Stanislas Wawrinka, Tomas Berdych lose as World Tour Finals hopes dashed
Stanislas Wawrinka seriously dented his hopes of reaching the ATP season final when crashing out of the Swiss Indoors with a 6-4, 6-3 first-round loss to Edouard Roger-Vasselin on Tuesday. Stanislas Wawrinka seriously dented his hopes of reaching the ATP season final when crashing out of the Swiss Indoors with a 6-4, 6-3 first-round loss to Edouard Roger-Vasselin on Tuesday.
- Agence France-Presse
- Updated: October 23, 2013 06:32 pm IST
Stanislas Wawrinka seriously dented his hopes of reaching the ATP season final when crashing out of the Swiss Indoors with a 6-4, 6-3 first-round loss to Edouard Roger-Vasselin on Tuesday.
The same fate befell second seed Tomas Berdych when the next man in the queue to qualify for the eight-man year-end event was beaten by Ivo Karlovic 4-6, 7-6 (7/4), 7-6 (7/2).
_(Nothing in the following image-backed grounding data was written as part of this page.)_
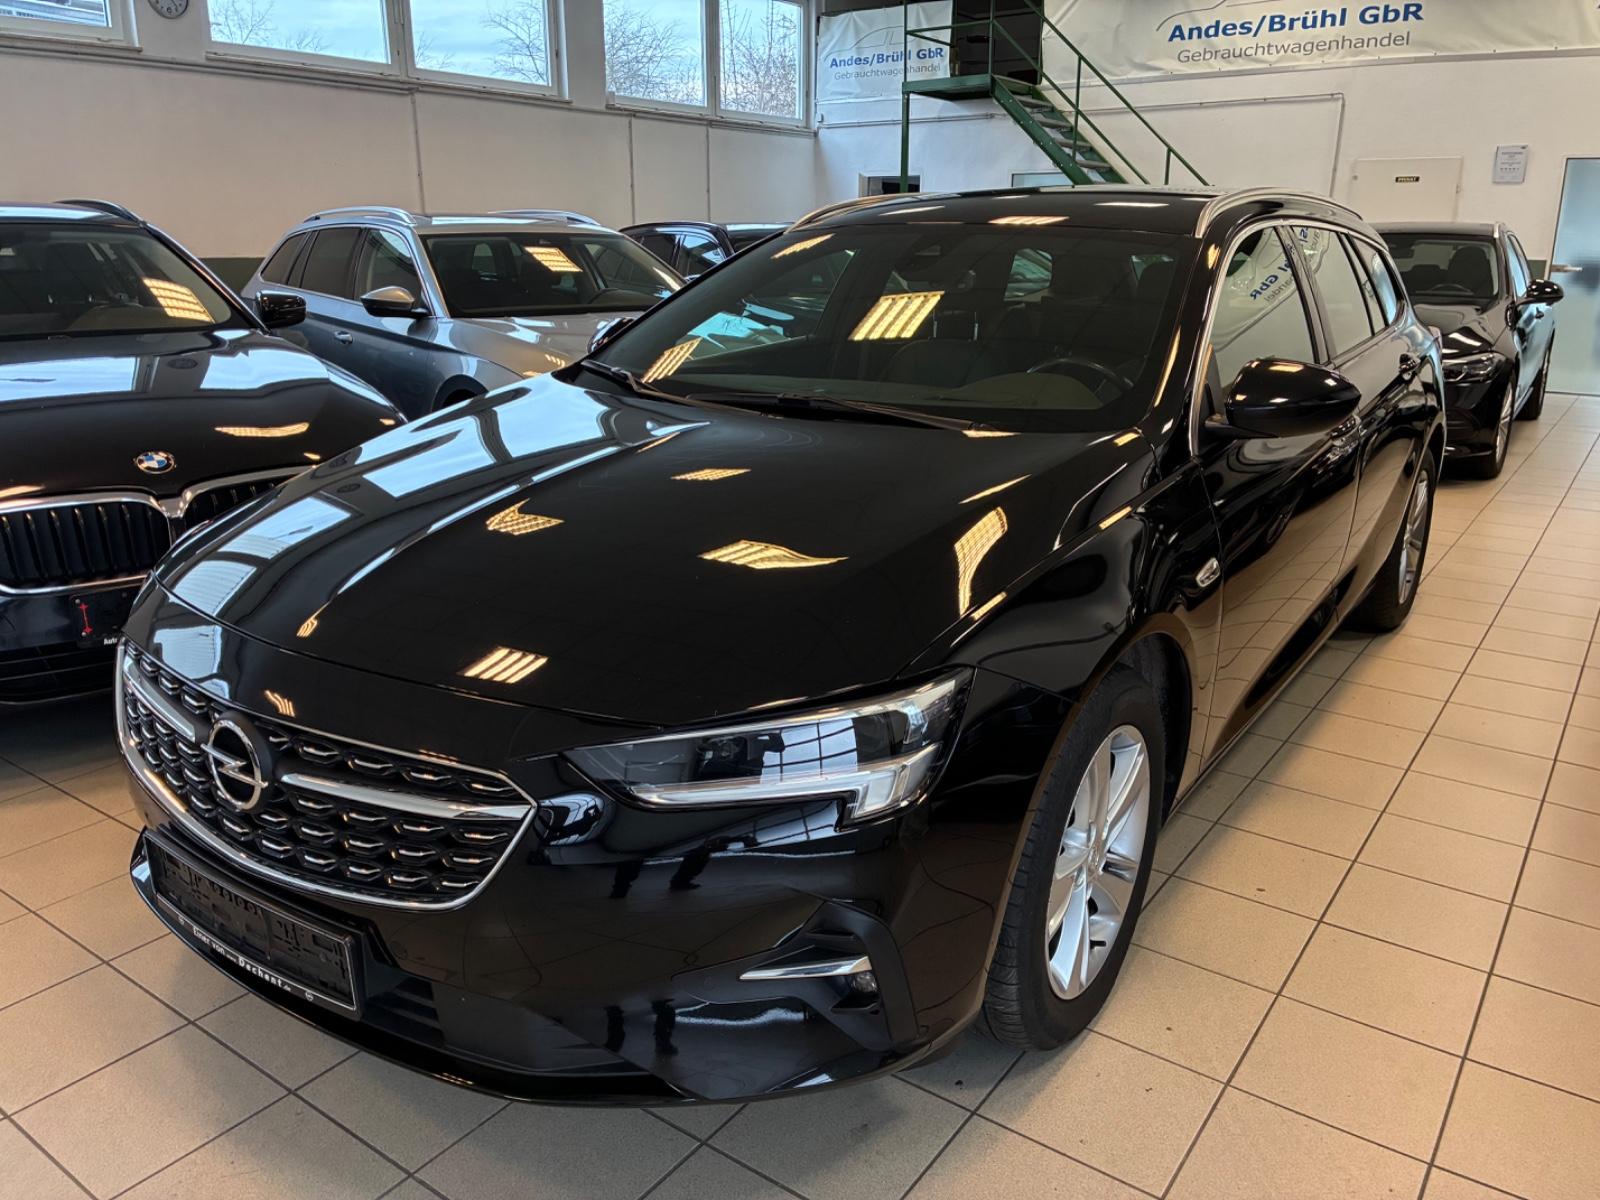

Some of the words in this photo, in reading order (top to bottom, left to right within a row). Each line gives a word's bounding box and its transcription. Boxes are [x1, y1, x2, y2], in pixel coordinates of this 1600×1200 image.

[1168, 8, 1347, 42] Andes/Brühl
[1359, 3, 1424, 25] GbR
[830, 51, 912, 68] Andes/Brühl
[916, 47, 944, 60] GbR
[1177, 31, 1411, 63] Gebrauchtwagenhandel
[834, 64, 941, 81] Gebrauchtwagehandel
Berdych had a chance to serve out a three-set win but failed and then could not extricate himself from the big-serve danger of the Croatian, who won with 23 aces in almost two and a half hours.
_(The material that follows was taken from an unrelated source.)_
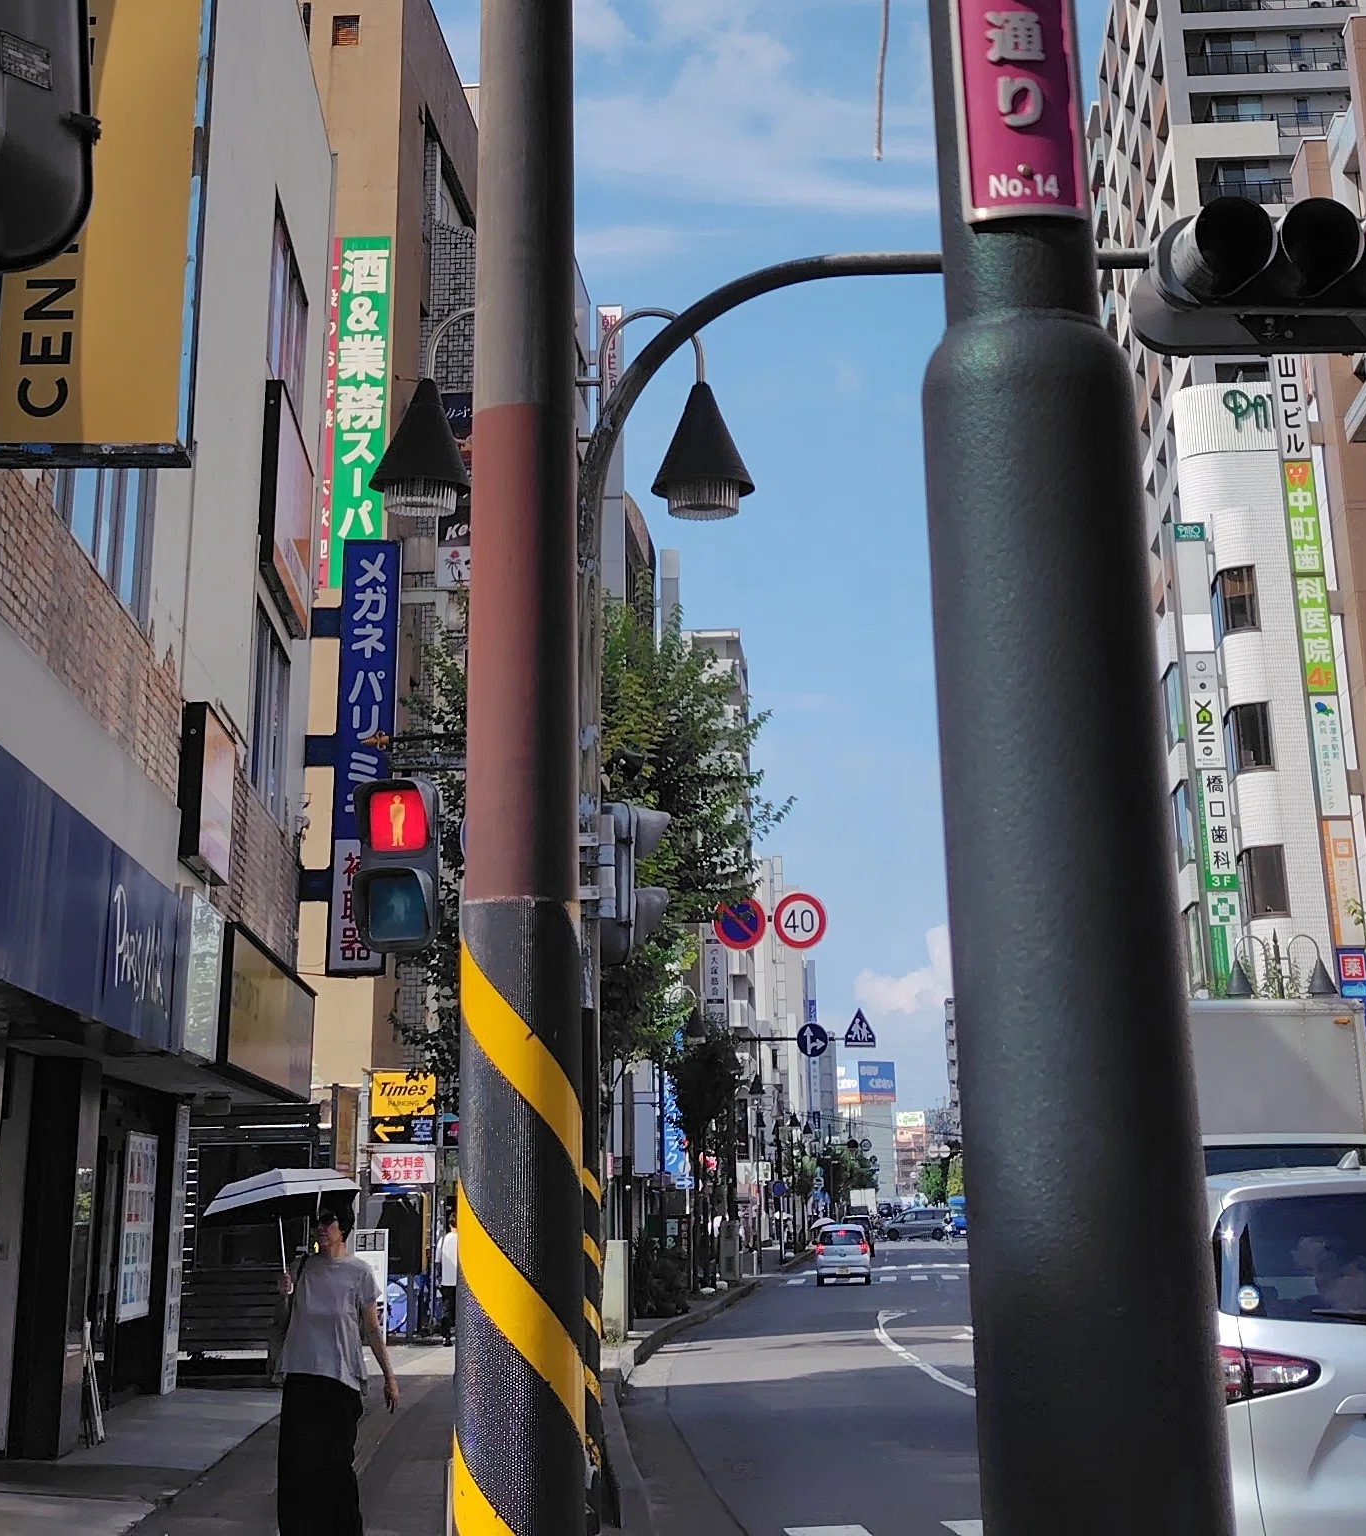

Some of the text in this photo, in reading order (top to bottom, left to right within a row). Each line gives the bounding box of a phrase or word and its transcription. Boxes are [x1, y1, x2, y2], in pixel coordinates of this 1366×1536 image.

Wawrinka, now five times a loser in Basel opening matches, ended disappointingly on a fifth double-fault of an evening to forget for the fourth seed at his home event.
The Swiss stands provisionally eighth in the race to the World Tour Finals, but he now must work a miracle next week at the Paris Masters - the last event of the regular season - to save his qualifying hopes.
The US Open semi-finalist, who put out holder Andy Murray in New York and reached a September semi-final in Kuala Lumpur, showed only a shadow of his game as he went down to the Frenchman in 71 minutes.
After dropping the first set, the sluggish Swiss was broken to start the second and could never close the gap on his 65th-ranked opponent.
Meanwhile, Uzbek Denis Istomin booked a second-round meeting with former world number one Roger Federer as he beat Argentina's Horacio Zeballos 7-5, 7-6 (7/3).
Federer, whose poor form this season has yielded just one title and seen him slump to sixth in the world, is battling to reach the eight-man World Tour Finals in early November, with every win here and in Paris crucial to him appearing in a tournament he has won six times.
He began with a victory in front of his home crowd on Monday as he beat Frenchman Adrian Mannarino.
Federer has never lost to 48th-ranked Istomin in five previous meetings, defeating him most recently at Indian Wells in March despite suffering from a painful back.
Japanese sixth seed Kei Nishikori, losing finalist two years ago to Federer, reached the second round by winning 6-2, 6-4 against Switzerland's Marco Chiudinelli, a wild-card entry and childhood friend of Federer.
Nishikori next plays Croatian Ivan Dodig, who advanced in just nine minutes as Argentine Carlos Berlocq retired while trailing 2-0.
"The second set was tougher for me," said Nishikori. "He started playing a lot better, coming to the net and being aggressive. It looked like he could take it into a third set. But I'm glad I was able to win in two."
Marcos Baghdatis also reached the second round, winning his first match since late September with a defeat of German qualifier Benjamin Becker 7-6 (10/8), 6-1.
The Cypriot will face the winner from top-seed and title-holder Juan Martin del Potro and Swiss wild card Henri Laaksonen.